Poor witness protection regime:
- Investigations related to custodial killings often run into delays due to a lack of witnesses.
- The lack of strength in the institutional system to protect the witnesses result in the intimidation of the families of witnesses and thus, they turn hostile.
- Though a witness protection bill was introduced in 2015, it’s yet to get a place in the statute books.
- Article 20: Right to protection against the conviction of offenses.
- Article 21: Right to life and liberty.
- Article 22: Right to protection against arrest and detention in certain circumstances:
- Being informed of the grounds of arrest.
- To be defended by a legal practitioner of his choice.
- Production in the nearest magistrate within 24 hours of the arrest.
Statutory safeguards :
- Indian evidence act, 1872: Section 25 mentions that a confession to a police officer cannot be proved as against a person accused of any offense.
- Code of criminal procedure, 1973 (amendment in 2008): Section 46 and 49 of the code protect those under custody, from torture, who are not accused of an offense punishable with death or life imprisonment.

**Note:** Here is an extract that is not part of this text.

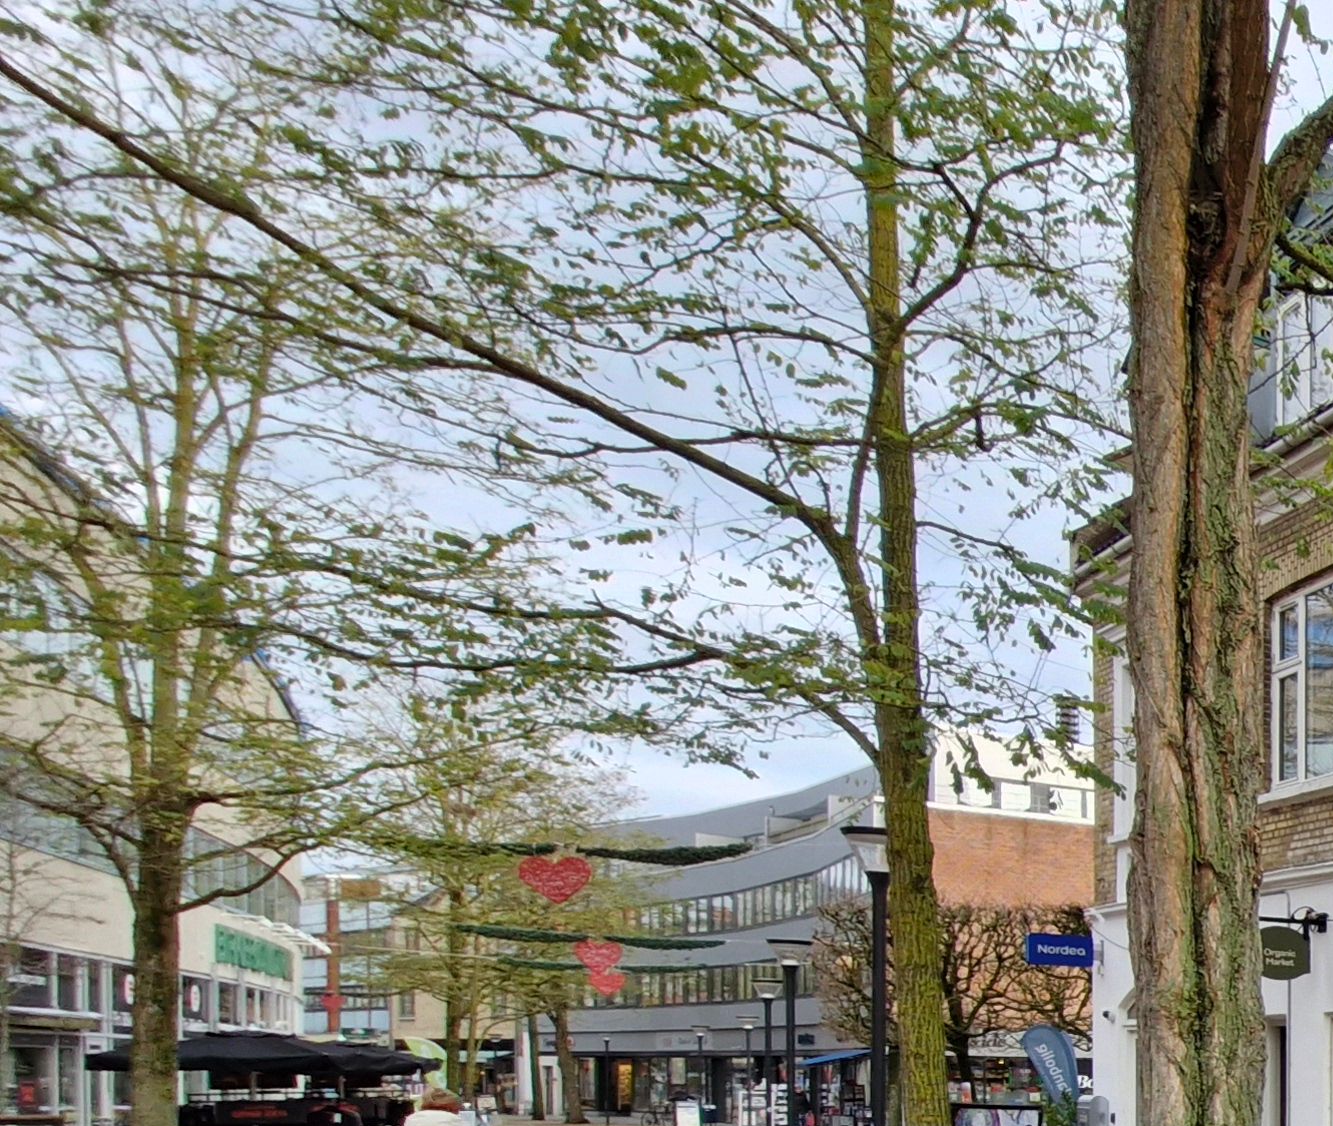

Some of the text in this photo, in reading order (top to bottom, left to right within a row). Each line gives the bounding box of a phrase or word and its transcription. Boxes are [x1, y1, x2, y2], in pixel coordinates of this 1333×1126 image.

- Indian police act, 1861: Section 7 and 29 of the Act provide for dismissal, penalty, or suspension of police officers who are negligent in the discharge of their duties or unfit to perform the same.

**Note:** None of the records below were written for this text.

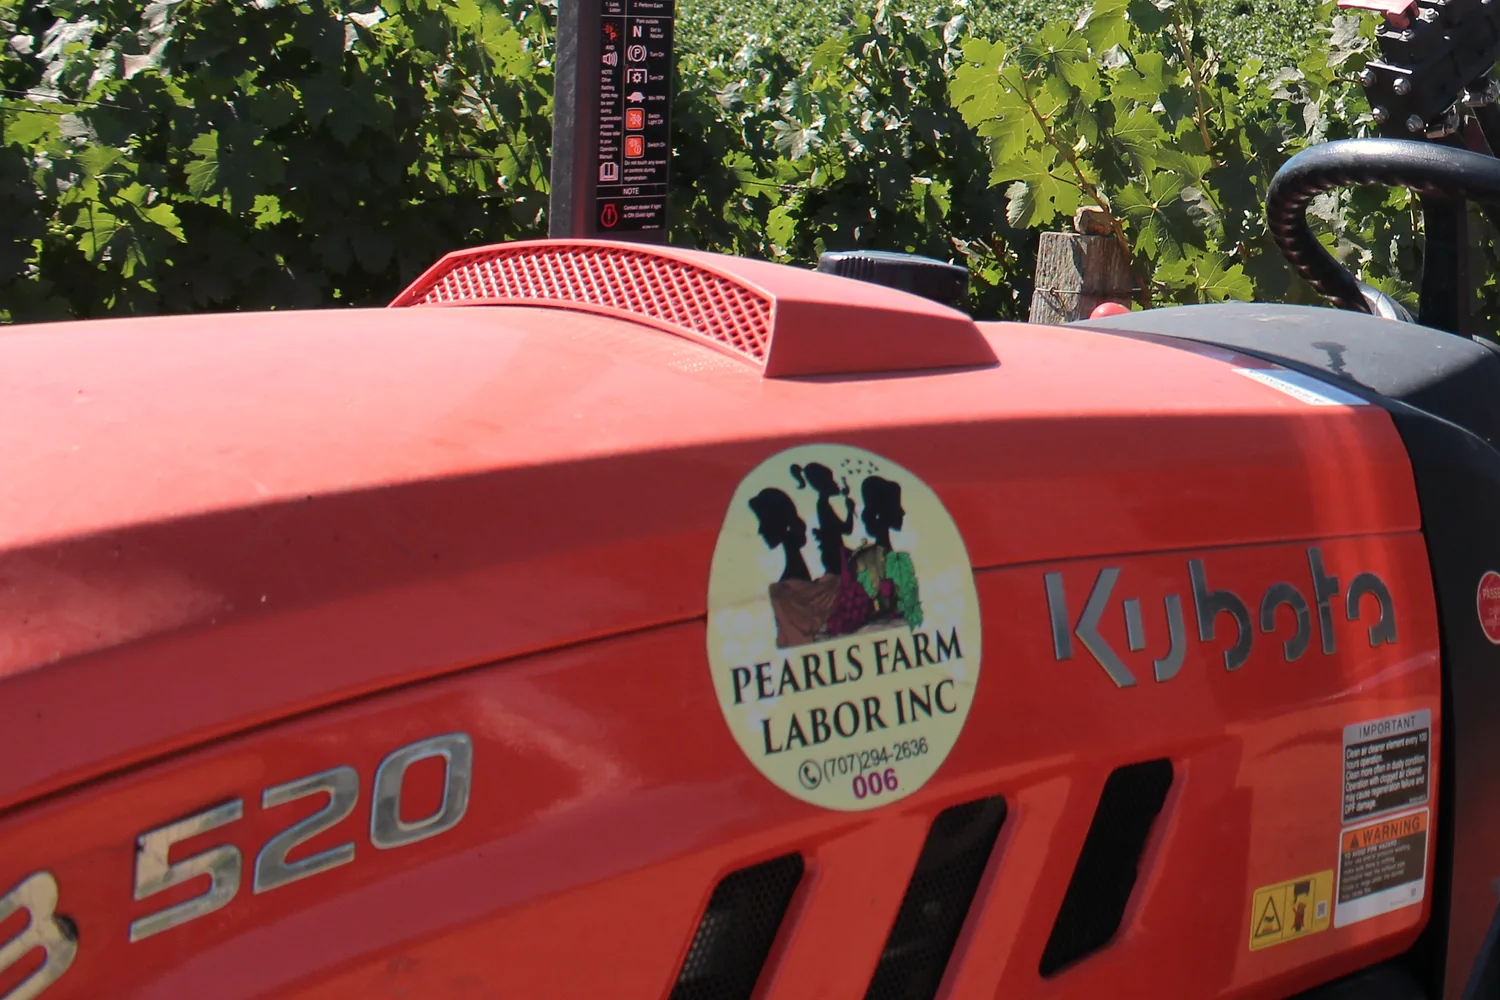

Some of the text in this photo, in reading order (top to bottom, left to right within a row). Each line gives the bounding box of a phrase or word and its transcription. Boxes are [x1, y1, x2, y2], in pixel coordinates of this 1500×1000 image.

[633, 26, 642, 37] N
[1043, 546, 1398, 688] Kubota
[729, 625, 965, 705] PEARLS FARM
[759, 678, 958, 757] LABOR INC
[1360, 716, 1415, 738] IMPORTANT
[823, 736, 929, 784] (707)294-2636
[1346, 749, 1360, 759] Clean
[1405, 737, 1418, 746] every
[851, 767, 899, 800] 006
[1346, 770, 1359, 780] Clean
[1345, 803, 1355, 814] DPF
[128, 732, 474, 943] 520
[1363, 817, 1420, 844] WARNING

- Indian penal code: Section 330, 331, and 348 were enacted to curb the tendency of policemen to resort to torture to extract confessions.
- Judicial Pronouncements regarding custodial violence
- K. Basu v. State of West Bengal, 1987: Under this case, the Supreme Court of India observed that using torture is impermissible and offensive to Article 21.
- Munshi Singh Gautam and others vs the State of Madhya Pradesh: The Supreme Court ruled that the dehumanizing torture, assault in alarming proportions raise serious questions about the credibility of the rule of law and administration of the criminal justice system.
- Rama Murthy v. State of Karnataka (1996): The SC while upholding fundamental rights of prisoners identified ‘Torture and ill-treatment’ in prisons as an area that needs reform.
- Nilabati Behera v. State of Orissa: It ensured that the state could no longer escape liability in public law and had to be compelled to pay compensation.
- Death due to custodial violence is a heinous act. India, being a flourishing democracy can undertake the following measures to address the issue:
- Dk Basu guidelines: Implementing the 11-point guidelines mentioned in the DK Basu case by the Supreme Court.
- Implementation of Law Commission of India’s 273rd Report: The report recommends that those accused of committing custodial torture – be it policemen, military and paramilitary personnel – should be criminally prosecuted instead of facing mere administrative action establishing an effective deterrent.
- Implementing Prison reforms: Prison reforms are required for ensuring humane conditions and security for the people in custody.
- CCTV cameras should be installed in police stations and in interrogation rooms.
- Introduction of a monetary body to keep an eye on the activities in the prison.
- The adoption of an effective mechanism for police will enable police supervisory structures to reduce torture.
- Police reforms to include ethical policing.
- Implementing the recommendations of the Prakash Singh guidelines in letter and spirit.
- The need for the hour is that the government should ratify the United Nations Convention against Torture, which was also recommended by the Law Commission in its 273rd report.